There was that horrific story a few years ago with a guy that installed a heater above the bath for his pregnant wife, didn't end well.

EmbarrassedWuss Sat 03-May-14 13:06:21

Are you sure I could be sued Lauranda? she has trailed a lead from a socket outside the bathroom. Or are you thinking of my plan to have a safe heater installed? I believe there are suitable bathroom heaters and it would be done by a professional - not by me!

Thank you so much for the step by step guide steppemum I am sufficiently sleep deprived to need maximum hand holding.

EmbarrassedWuss Sat 03-May-14 13:10:35

To keep myself honest I will report back in stages if necessary. This is important but very difficult for me however silly that sounds.
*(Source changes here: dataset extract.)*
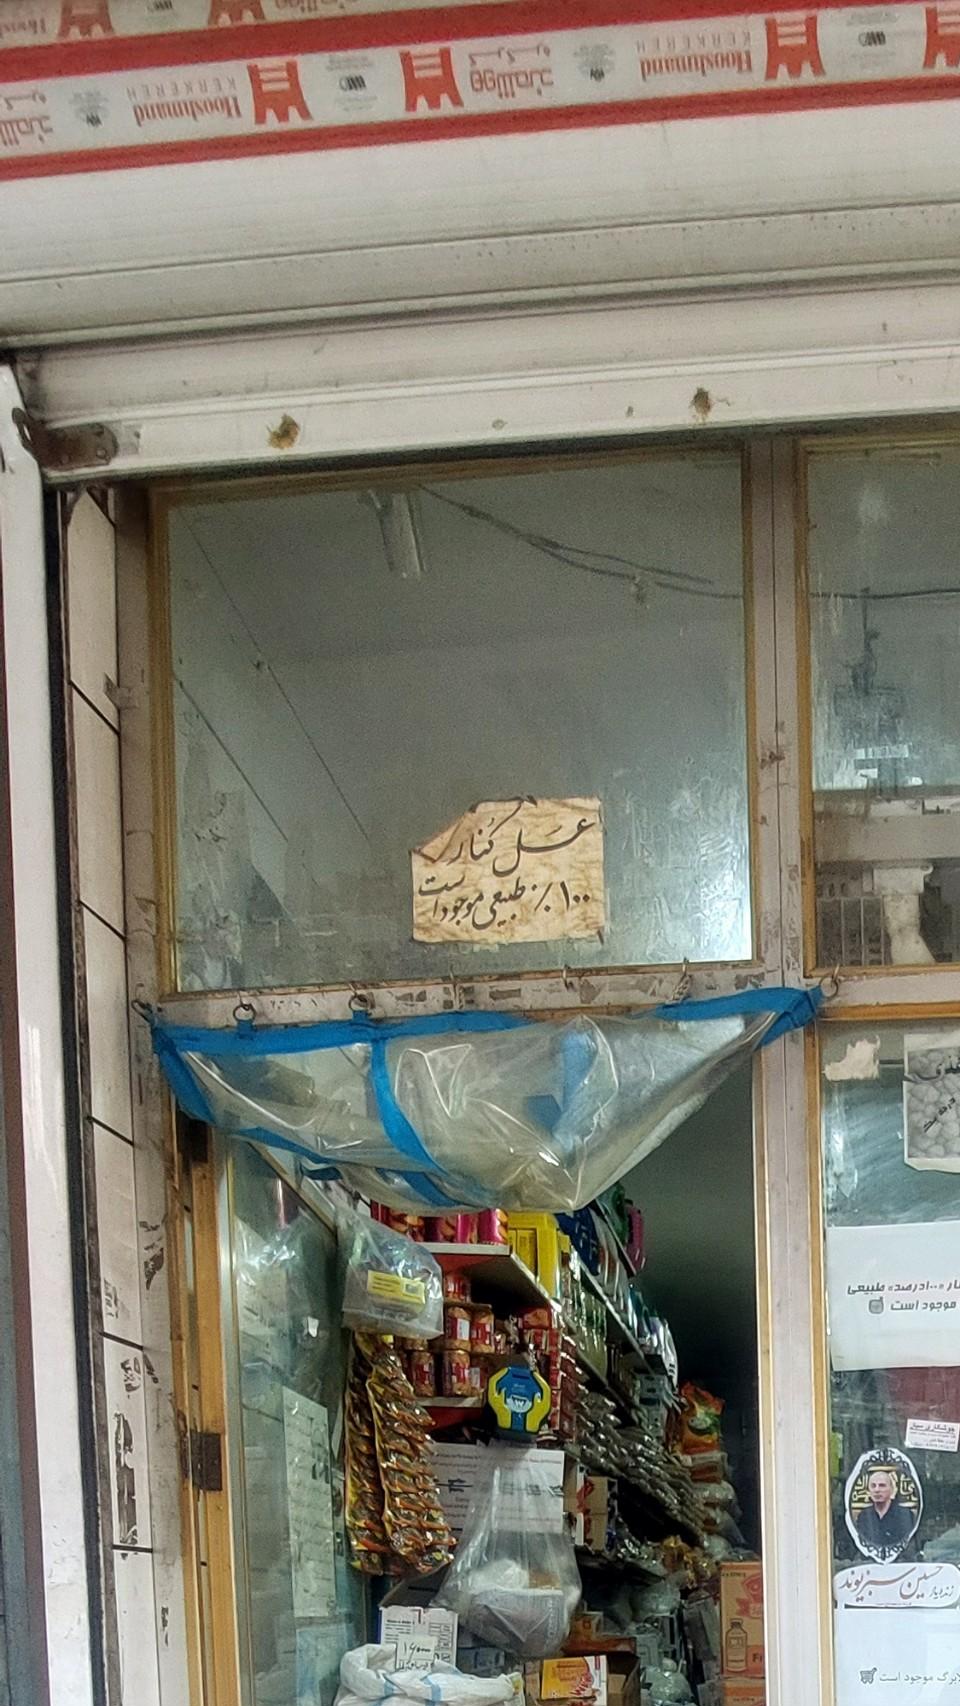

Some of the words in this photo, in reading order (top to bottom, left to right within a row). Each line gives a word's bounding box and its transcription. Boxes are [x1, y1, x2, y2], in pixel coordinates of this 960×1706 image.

Pipbin Sat 03-May-14 13:17:39

You can have electric heaters in the bathroom. Either ones that are like a fan heater on the wall or ones that are a heated towel rail. However they have to be hardwired into the wall (rather like the hand driers you see in public loos).
To do this you will need an electrician to install it and to redecorate the bathroom afterwards.

I used to have something like this:

mousmous Sat 03-May-14 13:37:30

I would first write down all the issues you want to talk about.
the write her a short message that you want to talk to her and what time would suit best.

then just do it, you will feel much better afterwards

maybe get a fan heater installed, you can order one like this and have it instaled by an electrician.

HeartsTrumpDiamonds Sat 03-May-14 13:49:22

Check your home insurance too re electric heaters in the bathroom. A resultant short circuit/fire might not be covered, never mind the danger aspect.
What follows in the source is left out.